Temporarily accessing planetary shale source rocks with a completely non-toxic production system and removing the natural gas (methane) within them.

Steps 4, 5 

Massive surplus electric power production (net of the carbon capture and sequestration operations) while simultaneously achieving an extraordinary negative carbon footprint by capturing CO2 from the generation process and other processes, a byproduct of which is the production of large volumes of fresh water. 

Step 6, 7,8

Refilling the emptied reservoir spaces with many times more volumes of atmospheric carbon dioxide than generated from the extracted methane, and then terminating the access pathways from these containers via natural bio-degradable means resulting in permanent large-scale CO2 sequestration throughout geologic time which is not dependent upon vertical well bore durability.

VLS Decarb Founder John Francis Thrash, said, "Carbon sequestration in source rock deposits is a universally available solution for permanently removing carbon from the environment that has been sitting plainly before our eyes and yet un-noticed until now. Ironically, the methane extraction allows for disposal of the necessary volume of CO2 required to reverse climate change. All of this is accomplished in one sustainable, commercially viable operation."

ESRI Founder and Director Andrew R Barron, said, "Traditional sequestration is fraught with issues, in particular the economic incentive for industry to decarbonize itself. Our approach offers a significant opportunity for Industry and Governments to ensure a low carbon future while sustaining employment and the economy."

About VLS Decarb, Energy Safety Research Institute and Glass Technology Services, Ltd

Very Large Scale Decarbonization Partners (VLS Decarb) has been formed to utilize the company's proprietary suite of major market patented and globally patent pending technologies to further develop, and deploy at scale, clean commercial energy strategies which has the potential to result in profoundly reduced planetary atmospheric CO2 through emissions elimination and permanent sequestration. 

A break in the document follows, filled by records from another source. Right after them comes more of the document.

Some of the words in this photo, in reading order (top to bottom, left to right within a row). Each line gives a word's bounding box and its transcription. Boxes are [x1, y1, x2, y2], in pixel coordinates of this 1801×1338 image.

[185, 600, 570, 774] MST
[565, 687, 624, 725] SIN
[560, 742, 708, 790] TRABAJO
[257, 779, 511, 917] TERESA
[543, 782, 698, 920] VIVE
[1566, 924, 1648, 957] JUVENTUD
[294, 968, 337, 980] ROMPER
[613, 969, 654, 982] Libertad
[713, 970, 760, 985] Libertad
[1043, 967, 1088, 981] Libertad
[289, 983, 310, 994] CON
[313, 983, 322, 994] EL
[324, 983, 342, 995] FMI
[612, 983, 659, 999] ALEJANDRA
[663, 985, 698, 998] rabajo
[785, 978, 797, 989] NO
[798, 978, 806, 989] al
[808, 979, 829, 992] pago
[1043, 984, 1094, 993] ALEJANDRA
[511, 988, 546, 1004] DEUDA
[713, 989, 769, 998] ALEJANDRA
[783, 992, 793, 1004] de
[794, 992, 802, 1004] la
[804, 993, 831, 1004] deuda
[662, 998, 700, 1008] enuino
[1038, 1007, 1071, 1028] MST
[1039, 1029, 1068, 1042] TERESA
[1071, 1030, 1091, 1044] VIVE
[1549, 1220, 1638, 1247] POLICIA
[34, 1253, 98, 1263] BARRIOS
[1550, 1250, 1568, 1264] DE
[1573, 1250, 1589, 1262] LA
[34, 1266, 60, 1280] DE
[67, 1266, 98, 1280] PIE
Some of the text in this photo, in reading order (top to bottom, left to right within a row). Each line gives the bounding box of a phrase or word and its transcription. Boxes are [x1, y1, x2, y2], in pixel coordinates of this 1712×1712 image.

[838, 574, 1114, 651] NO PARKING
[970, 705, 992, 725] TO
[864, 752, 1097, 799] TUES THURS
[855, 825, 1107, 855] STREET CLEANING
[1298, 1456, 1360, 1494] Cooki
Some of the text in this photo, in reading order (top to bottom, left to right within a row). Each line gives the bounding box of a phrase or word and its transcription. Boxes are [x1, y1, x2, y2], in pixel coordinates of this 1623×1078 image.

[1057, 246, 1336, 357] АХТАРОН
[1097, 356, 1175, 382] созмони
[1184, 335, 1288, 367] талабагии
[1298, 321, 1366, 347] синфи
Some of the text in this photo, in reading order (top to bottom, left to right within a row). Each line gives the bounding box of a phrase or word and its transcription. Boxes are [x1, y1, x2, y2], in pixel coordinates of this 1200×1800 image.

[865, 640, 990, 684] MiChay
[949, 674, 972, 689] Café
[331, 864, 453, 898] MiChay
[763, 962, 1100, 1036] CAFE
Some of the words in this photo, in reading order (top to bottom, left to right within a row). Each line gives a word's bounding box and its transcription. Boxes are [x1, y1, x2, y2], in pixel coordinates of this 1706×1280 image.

The Energy Safety Research Institute is positioned to discover and implement new technology for a sustainable, affordable, and secure energy future and is housed on Swansea University's new world class Bay Campus. ESRI provides an exceptional environment for delivering cutting edge research across energy and energy safety-related disciplines with a focus on renewable energy, hydrogen, carbon capture and utilization, as well as new oil and gas technologies.

Glass Technology Services is a globally recognized independent expert in glass research and development, testing and consultancy. Its team works with partners and customers at every stage of the development cycle and supply chain to drive innovation, growth and sustainability in glass. Their R&D projects range from development of new glass materials and manufacturing processes to product commercialization. Recent work has spanned the medical, defense, energy, oil and gas, laser, optics/photonics and waste processing sectors.